Stop using field name in the Field API
| Project: | Drupal |
| Version: | 7.x-dev |
| Component: | field system |
| Category: | bug report |
| Priority: | critical |
| Assigned: | bjaspan |
| Status: | won't fix |
In #364620: Allow creating a field with a deleted field's name we changed fields and instances to be identified by a serial primary key instead of their name because it was necessary to allow field names to be created with the same name as a previously deleted but not yet cleaned up field. However, we left most of the Field API working in terms of "field name" as a fake primary key for non-deleted fields.
Now, unsurprisingly, the time has come to go the rest of the way and stop using field name as a fake primary key at all. We have to replace all use of field name in API functions with field id. I'm posting a full explanation of how this affects the bulk delete problem in #367753: Bulk deletion (I haven't written it yet), but for now I'll post a short excerpt that summarizes the problem:
<?php
// Retrieve all deleted field instances.
$instances = field_read_instances(array('deleted' => 1), array('include_deleted' => 1, 'include_inactive' => 1));
foreach ($instances as $instance) {
// Retrieve some pseudo-objects along with field data for the
// instance.
//
// TODO: We can't query by $instance['field_name'] because the
// field and/or instance has been deleted and another with the
// same name may exist. We have to query by instance id,
// but the entire Field API is based on field name. Now we need
// to change that.
$obj_types = field_attach_query($instance['field_name'], array('bundle' => $instance['bundle'], 'deleted' => 1), 10, FIELD_QUERY_RETURN_VALUES);
?>
#1
Here are functions that need to be updated:
<?php% grep -r 'function.*field_name' *
field.api.php:function hook_field_attach_pre_query($field_name, $conditions, $result_format, $age, &$skip_field) {
field.api.php:function hook_field_storage_query($field_name, $conditions, $result_format, $age) {
field.api.php:function hook_field_storage_delete_field($field_name) {
field.api.php:function hook_field_storage_delete_instance($field_name, $bundle) {
field.attach.inc: $results = $function($obj_type, $grouped_objects[$field_name], $field, $grouped_instances[$field_name], $grouped_items[$field_name], $a, $b);
field.attach.inc:function field_attach_query($field_name, $conditions, $limit, $result_format = FIELD_QUERY_RETURN_IDS, $age = FIELD_LOAD_CURRENT) {
field.attach.inc: $results = $function($field_name, $conditions, $result_format, $age, $skip_field);
field.attach.inc:function field_attach_query_revisions($field_name, $conditions, $result_format = FIELD_QUERY_RETURN_IDS) {
field.crud.inc:function field_read_field($field_name, $include_additional = array()) {
field.crud.inc:function field_delete_field($field_name) {
field.crud.inc:function field_read_instance($field_name, $bundle, $include_additional = array()) {
field.crud.inc:function field_delete_instance($field_name, $bundle) {
field.form.inc:function field_add_more_js($bundle_name, $field_name) {
field.info.inc:function field_info_field($field_name) {
field.info.inc:function field_info_instance($field_name, $bundle_name) {
modules/field_sql_storage/field_sql_storage.module:function field_sql_storage_field_storage_delete_field($field_name) {
modules/field_sql_storage/field_sql_storage.module:function field_sql_storage_field_storage_purge($obj_type, $object, $field_name) {
modules/field_sql_storage/field_sql_storage.module:function field_sql_storage_field_storage_query($field_name, $conditions, $result_format, $age) {
modules/field_sql_storage/field_sql_storage.module:function field_sql_storage_field_storage_delete_instance($field_name, $bundle) {
?>
#2
I'm working on this.
#3
Here is my first pass at this. All the tests passed on my system until I ran 'cvs update'. Apparently HEAD is quite broken at the moment and I now get some exceptions, but they look like they are coming from simpletest, so I'm going to assume it is not from this patch for now.

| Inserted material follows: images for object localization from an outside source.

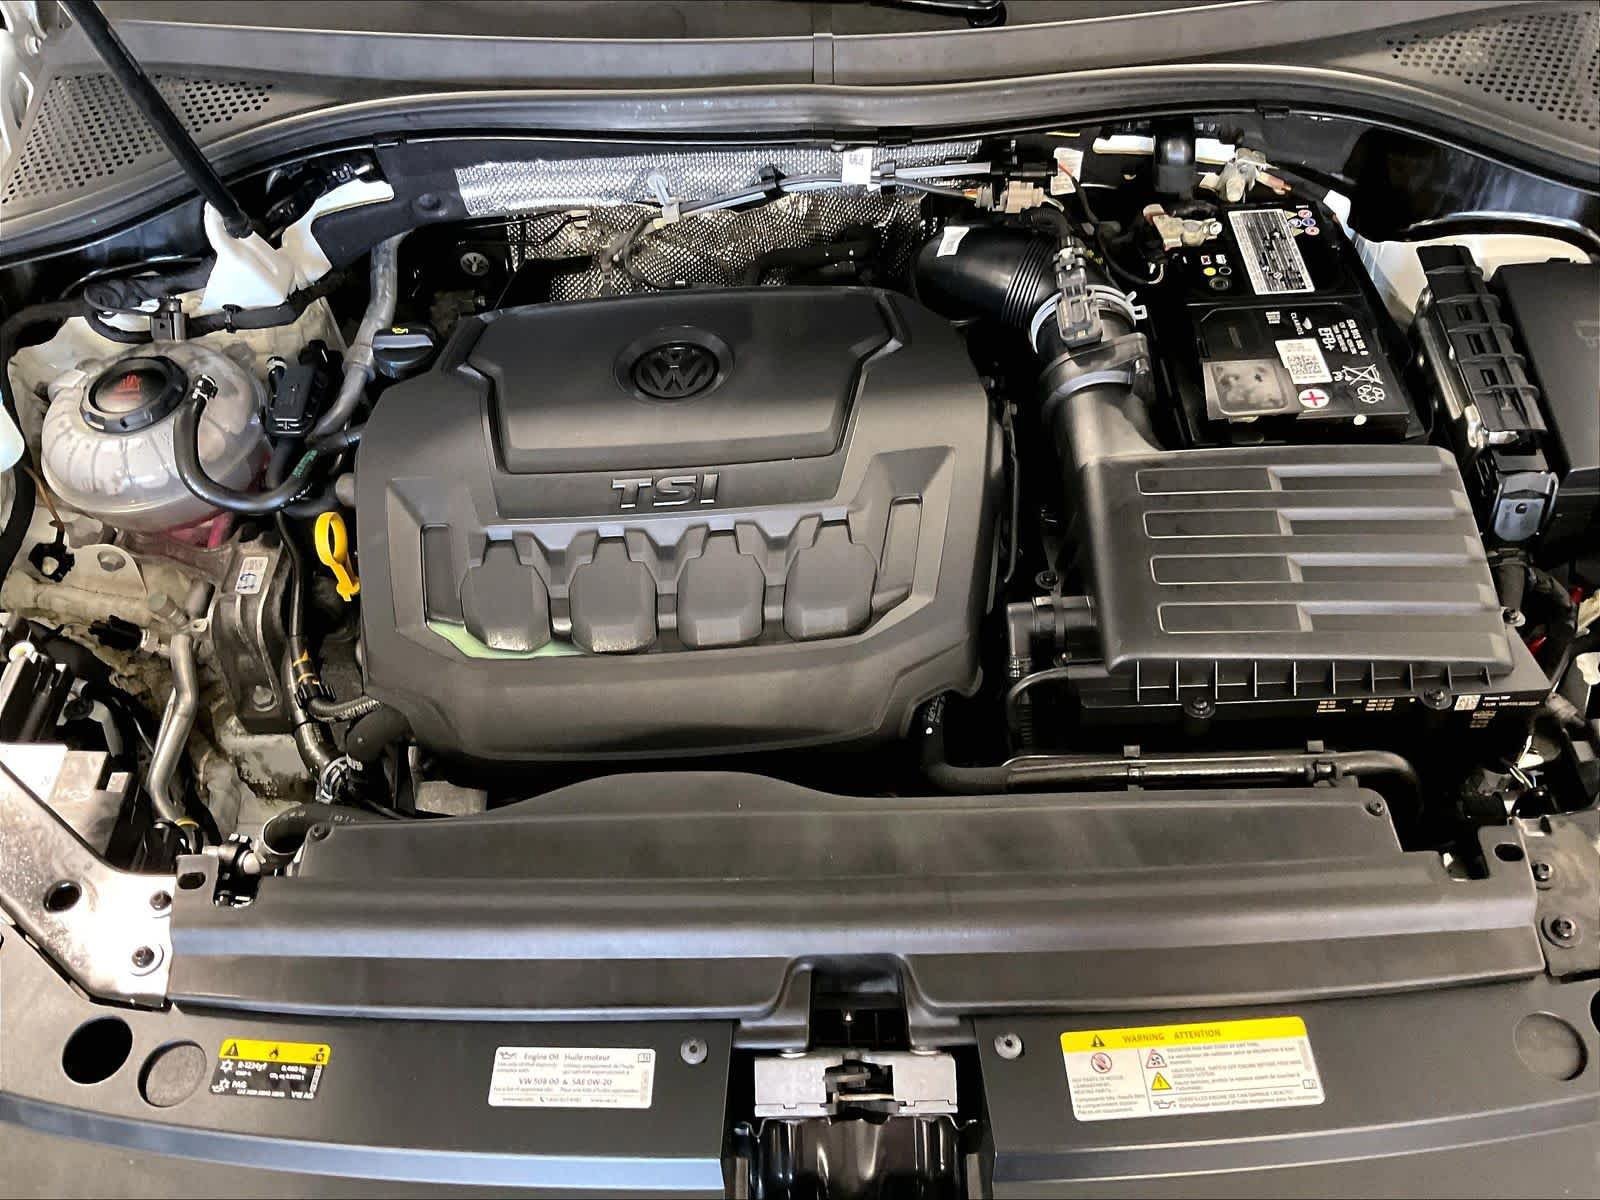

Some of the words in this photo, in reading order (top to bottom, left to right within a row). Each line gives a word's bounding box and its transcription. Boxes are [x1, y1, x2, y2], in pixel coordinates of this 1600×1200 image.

[1318, 327, 1336, 351] EFB+
[612, 473, 719, 508] TSI
[1121, 1032, 1165, 1044] WARNING
[1173, 1028, 1222, 1040] ATTENTION
[523, 1053, 548, 1063] Engine
[564, 1053, 583, 1062] Huile
[584, 1053, 611, 1062] moteur
[519, 1077, 533, 1085] VW

The changes here are pretty straightforward. Basically any API function that used to take a $field_name now takes a $field_id. This includes field_create_field(), field_create_instance() (in the 'field_id' property instead of the 'field_name' property), and field_info_*(). field_info_*() (and field_read_*() also returns fields keyed by id instead of name.) This affects a lot of places in the code and tests, but the changes are basically all one-liners or the equivalent.
The parts of the API that are still based on field name are object properties (e.g. $node->body, not $node->2), form elements, rendering, and perhaps a few things I'm forgetting. There is also some internal code that still uses field name where it could/should use field id, but still field names are in fact still unique among non-deleted fields, it works fine. We can/should clean these up, possibly in this patch or possibly in others.

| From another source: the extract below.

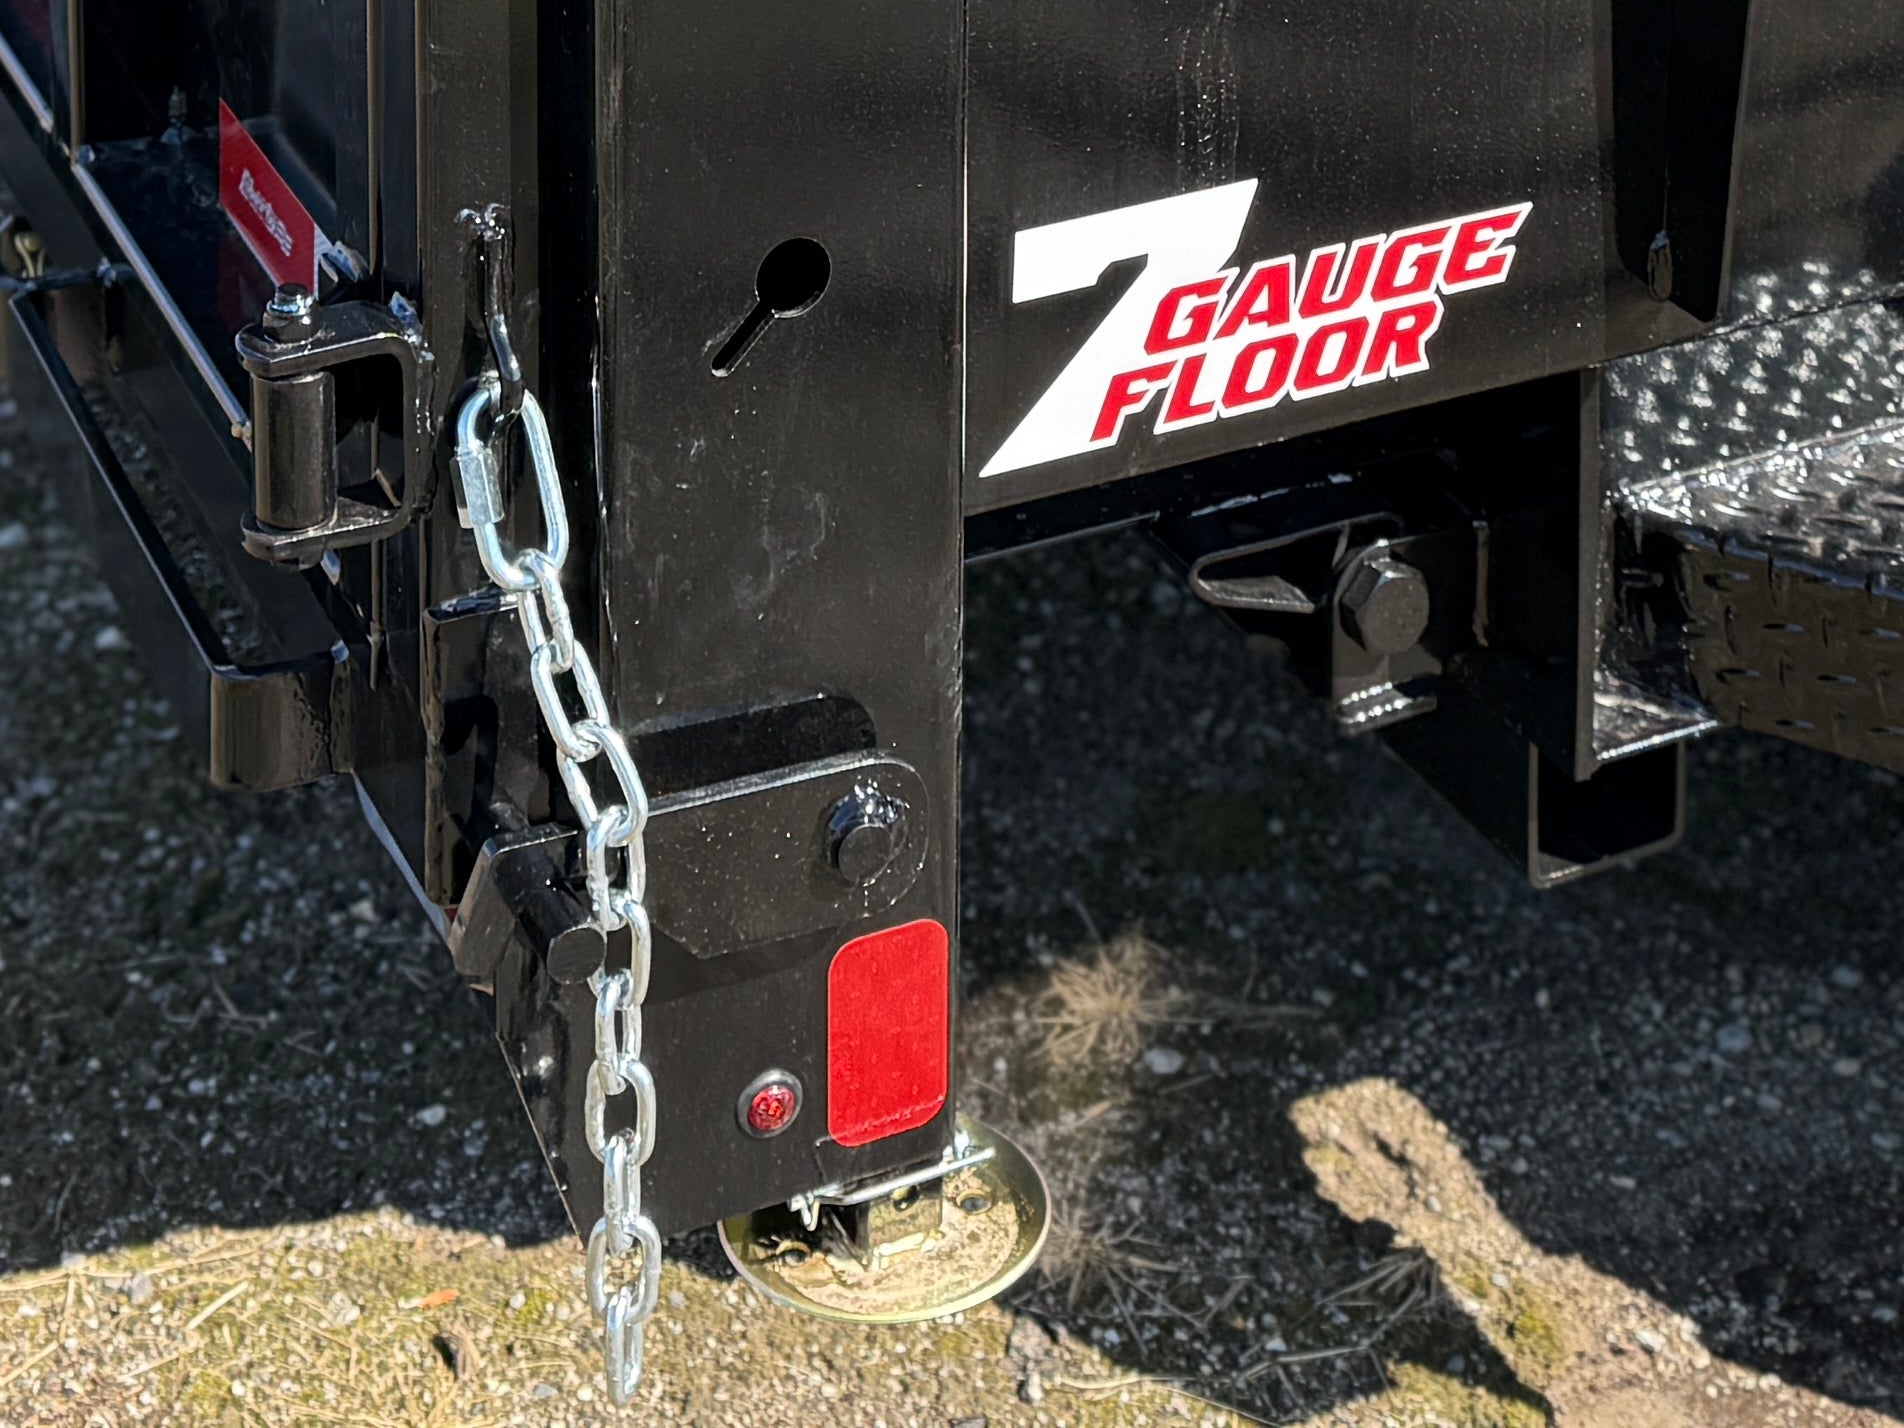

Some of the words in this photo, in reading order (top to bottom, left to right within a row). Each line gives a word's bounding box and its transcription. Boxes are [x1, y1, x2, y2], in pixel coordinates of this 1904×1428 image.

[979, 177, 1259, 478] 7
[1142, 200, 1533, 356] GAUGE
[1088, 294, 1444, 446] FLOOR

I realized that this change is not actually *required* for bulk delete to work because we could just make field_attach_query() operate on field id, leaving everything else using field_name. However, that would be confusing and inconsistent, and anyway changing the API to use field id is the correct thing to do, for the same reason the taxonomy API works in terms of term id and not term name.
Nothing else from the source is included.